• _What to produce_: Whenever a picture appears, leave it out while repeating all the other data exactly.

══ Data records

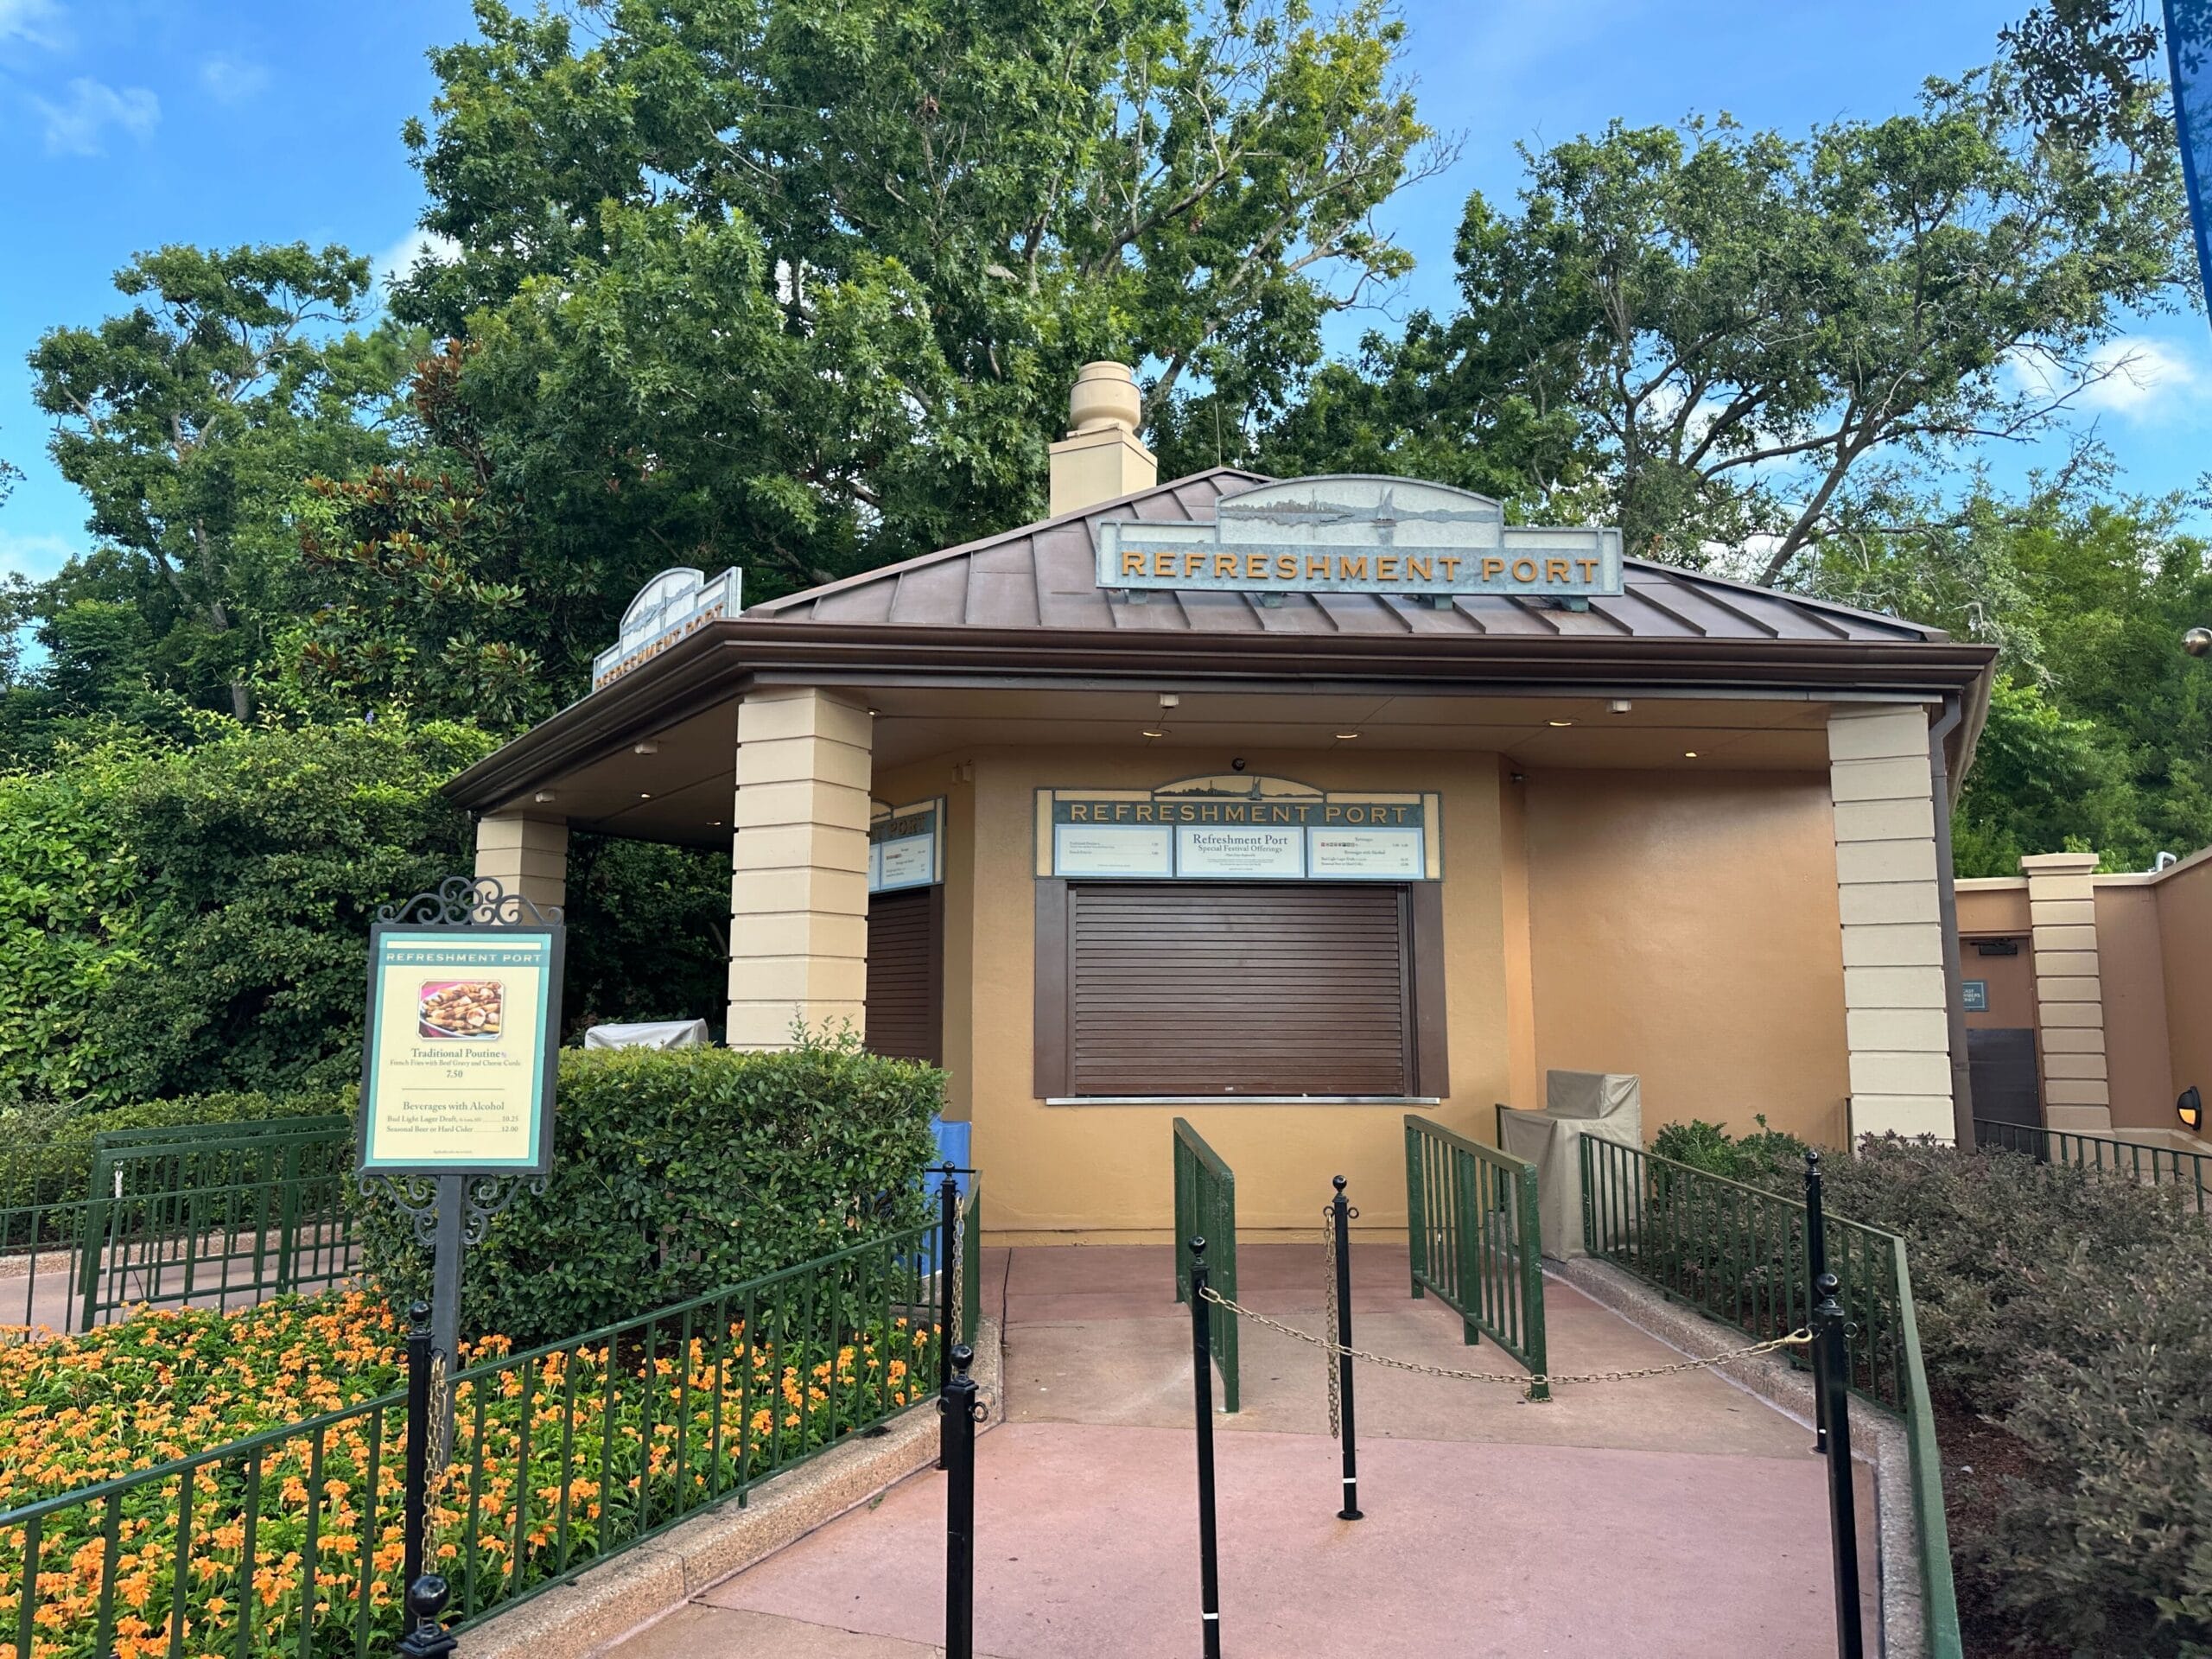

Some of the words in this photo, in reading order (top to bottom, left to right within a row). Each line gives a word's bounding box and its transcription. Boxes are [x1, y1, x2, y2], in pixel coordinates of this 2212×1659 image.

[1122, 550, 1461, 582] REFRESHMENT
[1481, 556, 1599, 583] PORT
[685, 601, 724, 634] PORT
[1070, 804, 1311, 823] REFRESHMENT
[1325, 807, 1408, 824] PORT
[1193, 834, 1262, 845] Refreshment
[1265, 834, 1287, 845] Port
[1198, 844, 1223, 854] Special
[1250, 845, 1282, 854] Offerings
[386, 953, 497, 962] REFRESHMENT
[502, 954, 542, 963] PORT
[411, 1048, 462, 1058] Traditional
[465, 1048, 501, 1058] Poutine
[446, 1070, 463, 1078] 7.50
[403, 1102, 447, 1111] Beverages
[448, 1102, 467, 1110] with
[469, 1102, 505, 1110] Alcohol

════

• _Written response_:
Some of the words in this photo, in reading order (top to bottom, left to right within a row). Each line gives a word's bounding box and its transcription. Boxes are [x1, y1, x2, y2], in pixel coordinates of this 2212×1659 image.

[1122, 550, 1461, 582] REFRESHMENT
[1481, 556, 1599, 583] PORT
[685, 601, 724, 634] PORT
[1070, 804, 1311, 823] REFRESHMENT
[1325, 807, 1408, 824] PORT
[1193, 834, 1262, 845] Refreshment
[1265, 834, 1287, 845] Port
[1198, 844, 1223, 854] Special
[1250, 845, 1282, 854] Offerings
[386, 953, 497, 962] REFRESHMENT
[502, 954, 542, 963] PORT
[411, 1048, 462, 1058] Traditional
[465, 1048, 501, 1058] Poutine
[446, 1070, 463, 1078] 7.50
[403, 1102, 447, 1111] Beverages
[448, 1102, 467, 1110] with
[469, 1102, 505, 1110] Alcohol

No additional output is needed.